Satu agenda yang identik dengan PEMIRA adalah “debat
kandidat”, sebelum diadakanya pemilihan, panitia PEMIRA mengadakan debat capres
dan cawapres. Itu merupakan ajang puluhan bahkan ratusan mahasiswa menyaksikan
visi misi, tujuan mereka disana, janji-janji dan beberapa statment yang
menjelaskan dengan gaya persuasif bahwa mereka yang terbaik. Para pemilih yang
fanatik adalah masalah besar yang terjadi hingga saat ini baik tingkat nasional
maupun kampus. Orang jawa akan milih orang jawa, orang Sumatra akan pemilih
orang Sumatra, dsb. Begitu juga di dalam kampus mahasiswa yang berada misalkan
di partai A akan memilik candidat dari partai A pula. Para pemilih tidak akan
memilih calon dari kualitas mereka dalam memimpin, tetapi lebih kepada
sekampung atau tidak, se fakultas tidak, dia teman kita tidak, dst. Efek yang
ditimbulkan adalah pragmatisme, nepotisme, dan tentu saja terpilihnya pemimpin
yang tidak bisa memimpin. Popularitas menjadi modal utama, bukan lagi kemampuan
dalam hal memimpin.
Kandidat yang mengikuti PEMIRA mahasiswa mendapat
banyak pelajaran berharga selama kegiatan tersebut berlangsung. Masa kampanye
hingga pemilihan yang harus dilalui setelahnya pun merupakan miniatur setiap
warna-warni kegiatan dalam pesta demokrasi. Setiap momen baik yang diwarnai
dengan saling menunjukan kemampuan pribadi hingga saling mencari kesalaha rival
merupakan awal dari proses pendewasaan diri dalam berpolitik.
Tim sukses kandidat pun mendapat pelajaran berharga
dari pesta demokrasi mahasiswa tersebut. Kemampuan menjual dan meyakinkan objek
kampanye terhadap kandidat yang didukung menjadi poin penting pendewasaan
berpolitik. Positive Campaig atau kampanye yang menunjukkan kemampuan kandidat
sendiri tanpa menjatuhkan kandidat lawan menjadi kampanye yang selalu
dinantikan dalam PEMIRA. Proses berkampanye secara sehat yang selalu dituntut
ini akan menguji kematangan seseorang dalam berpolitik sejak di kampus. PEMIRA
sebagai pesta demokrasi pun dapat menjadi pembelajaran bagi setiap mahasiswa
dalam sebuah kampus. Seorang mahasiswa yang tidak menjadi kandidat maupun tim
sukses seorang kandidat akan belajar menentukkan kandidat mana yang dipilih.

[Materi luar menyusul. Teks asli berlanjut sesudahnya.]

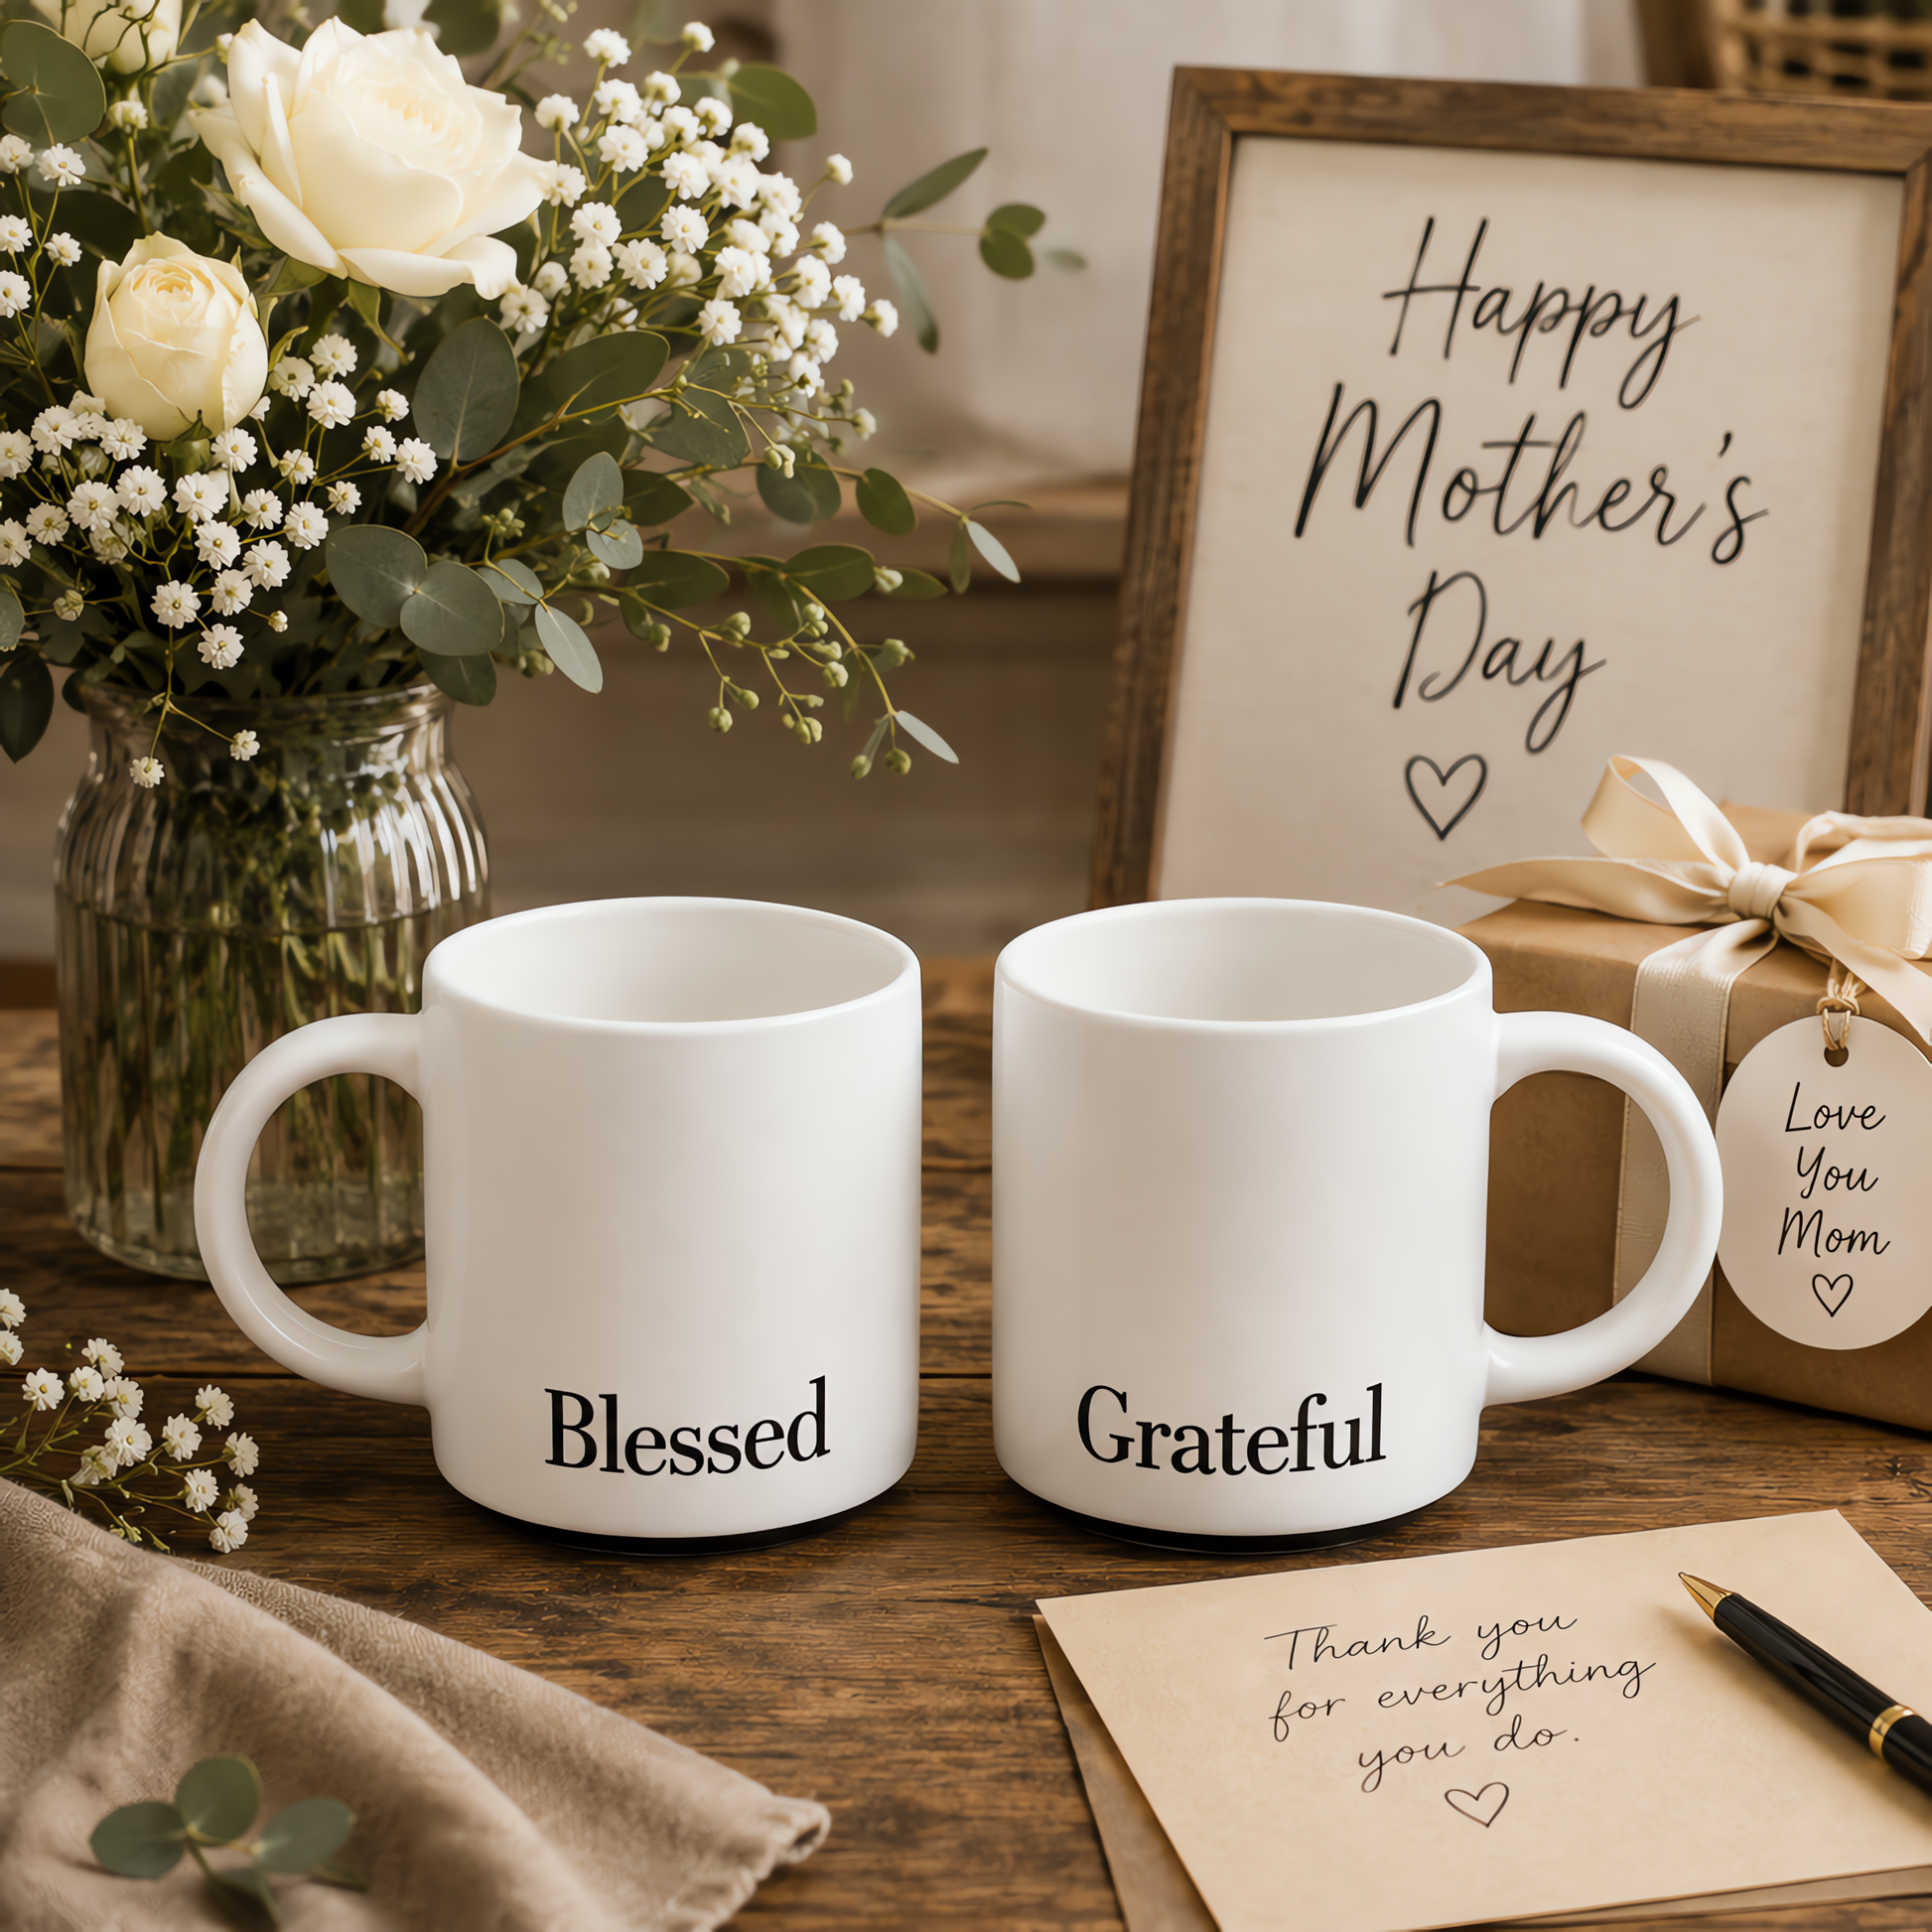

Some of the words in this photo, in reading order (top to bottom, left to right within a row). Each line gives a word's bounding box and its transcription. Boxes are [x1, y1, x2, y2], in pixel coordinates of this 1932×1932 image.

[1381, 215, 1701, 411] Happy
[1294, 380, 1769, 566] Mother's
[1392, 570, 1606, 756] Day
[1785, 1081, 1886, 1132] Love
[1797, 1146, 1878, 1199] You
[1778, 1207, 1890, 1258] Mom
[544, 1375, 831, 1476] Blessed
[1077, 1382, 1386, 1475] Grateful
[1264, 1614, 1451, 1670] Thank
[1477, 1614, 1578, 1660] you
[1269, 1691, 1345, 1742] for
[1378, 1654, 1656, 1716] everything
[1358, 1741, 1465, 1793] you
[1494, 1714, 1579, 1751] do.

Dasar pemilihan ini yang perlu dijadikan parameter kedewasaan seseorang
berpolitik. Setiap mahasiswa diajak untuk berpikir objektif dan rasional dalam
memilih kandidat yang lebih kompeten.
Pembelajaran politik pun akan dialami oleh mahasiswa
yang telah memiliki jabatan struktural di lembaga sebagai pelaksana, pengawas
ataupun lembaga independen selama PEMIRA berlangsung. Komite bentukan selama
PEMIRA seperti Komite Pengawasan, Panitia Pelaksana maupun lembaga legislatif
sebagai fasilitator pelaksanaan PEMIRA dituntut untuk profesional dalam
melaksanakan tugasnya. Profesionalisme kinerja komite bentukan ini penting
dalam menentukan kualitas hasil dari PEMIRA tersebut.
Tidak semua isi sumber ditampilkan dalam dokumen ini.